Despite that the surface features of spiral growth and 2-D nucleation growth can be observed at the microscopic level, crystal faces resulting from these mechanisms are macroscopically smooth and the crystals are dense. However, when further increasing the supersaturation, the interface becomes unstable due to a change from integration-controlled growth to mass-transfer-controlled growth, by diffusion from the surrounding bulk liquid. This transition (Fig. 7.2a) comes about when the surface turns rough and highly kinked due to extensive surface nucleation. Integration of new units is not rate limiting, and depending on the diffusion field around the crystal and the crystal morphology, certain edges and corners of the crystal will get access to solution of higher supersaturation. The consumption of supersaturation at these locations prevents growth of the central part of the crystal faces, and so-called “hopper” crystals develop. This elevation of the growth rate for certain parts of the crystal is self-enforcing, since the same edges, corners, or surface perturbations will access yet higher supersaturation levels and as a consequence dendritic growth starts to dominate. The crystal branches off in directions of higher supersaturation in an interplay dictated by the nature of the crystal lattice and the changing supersaturation profile from the surface into the bulk of the surrounding liquid. This branching is crystallographic, leading to a monocrystalline and usually symmetric object of complex shape. The shift in growth morphologies is a consequence of the change in growth regime and not the supersaturation itself. The supersaturation is merely responsible for introducing the diffusion limitation by increasing the monomer integration rate.

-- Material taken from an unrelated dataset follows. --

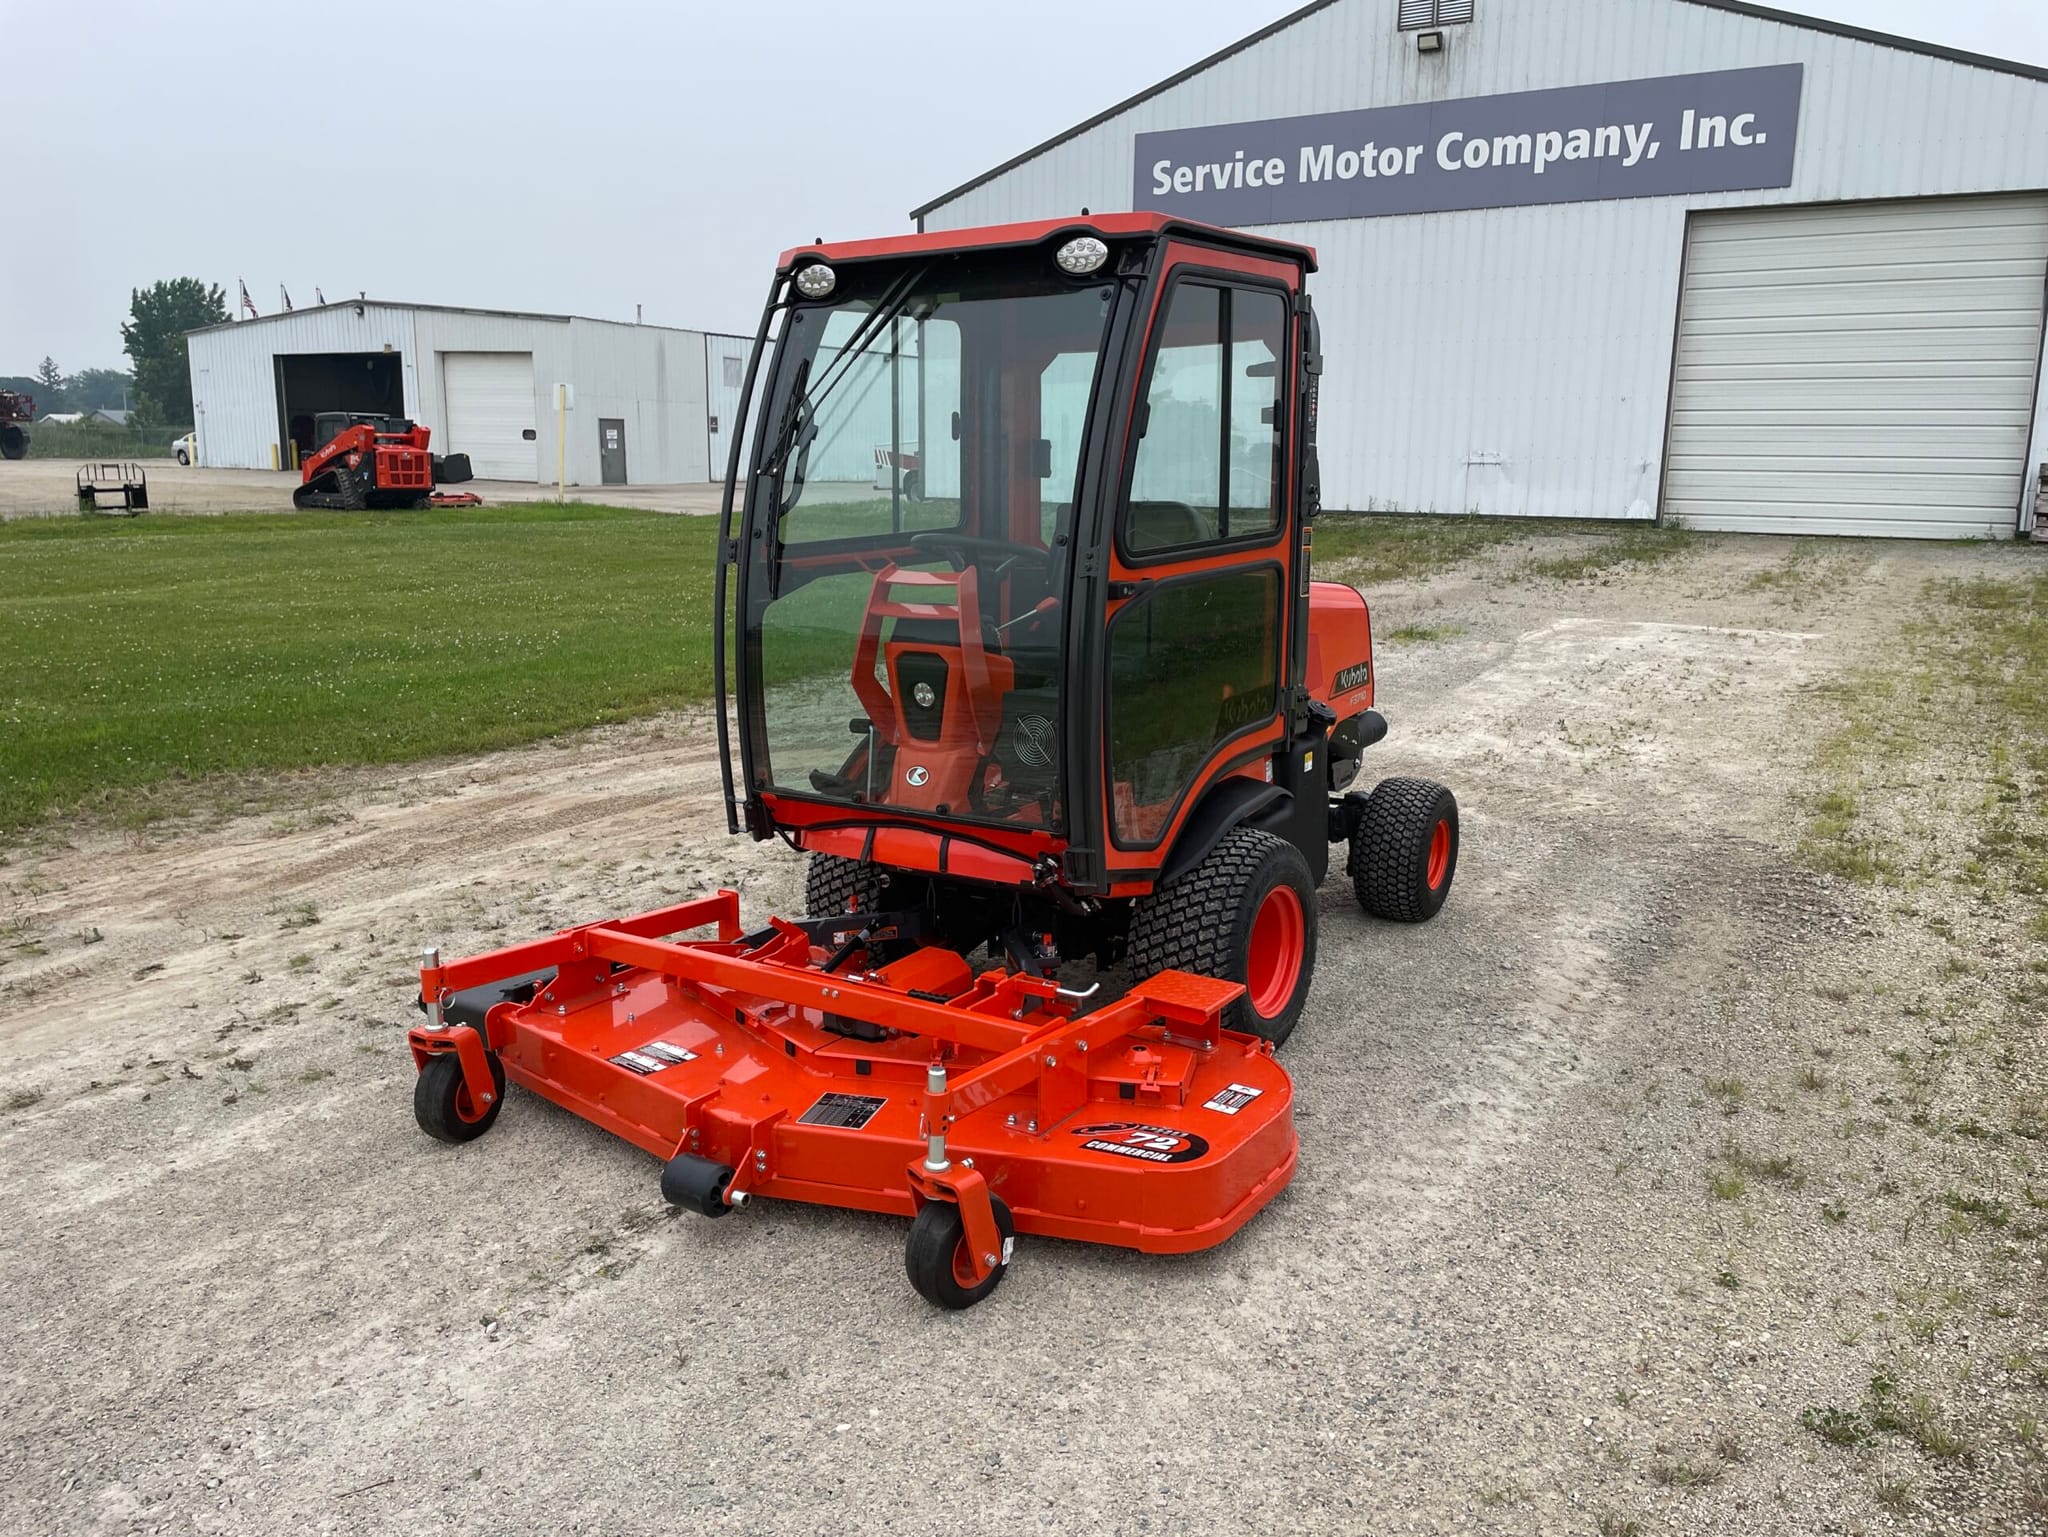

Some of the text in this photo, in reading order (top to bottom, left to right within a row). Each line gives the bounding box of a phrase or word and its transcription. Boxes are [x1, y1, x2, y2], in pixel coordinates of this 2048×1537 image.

This has been illustrated by similar morphology shifts due to diffusion limitations imposed by the surrounding medium, by performing mineral precipitation in hydrogels, relevant for biomineralization processes (Asenath-Smith et al. 2012).

Fig. 7.2
figure 2

(a) Growth rate, crystal growth mechanisms (where A is spiral growth, B is growth by two-dimensional nucleation and C is rough growth) and corresponding morphology changes as a function of driving force for a hypothetical crystal bounded by {111} faces (Reproduced from Sunagawa (2005) with permission from Cambridge University Press). (b) Two categories of spherulitic growth: Category 1 describes multidirectional growth from a central nucleus, and category 2 describes growth front nucleation and resulting branching on the fast-growing tips of an elongated precursor crystal (A), leading to intermediate dumbbell morphologies (B-D) and potentially to a polycrystalline sphere (E) (Reproduced from Granasy et al. (2005) with permission from Cambridge University Press). (c) Category 1 vaterite spherulites grown in water at an initial supersaturation of \( {S}_{\mathrm{a}} = 5.7 \) (with respect to vaterite) (Reproduced from Andreassen et al. (2012) with permission from RSC) (d) Intermediate-shaped category 2 spherulites grown at an initial S a (vaterite) = 3.8 in a mixture of ethylene glycol and water (90/10 %) and (e) nearly fully developed spherulites after 45 min when the initial supersaturation was increased to \( {S}_{\mathrm{a}} = 7.0 \); the spherulites tend to break in two halves along the resulting equator (Reproduced from Andreassen et al. (2010) with permission from Elsevier)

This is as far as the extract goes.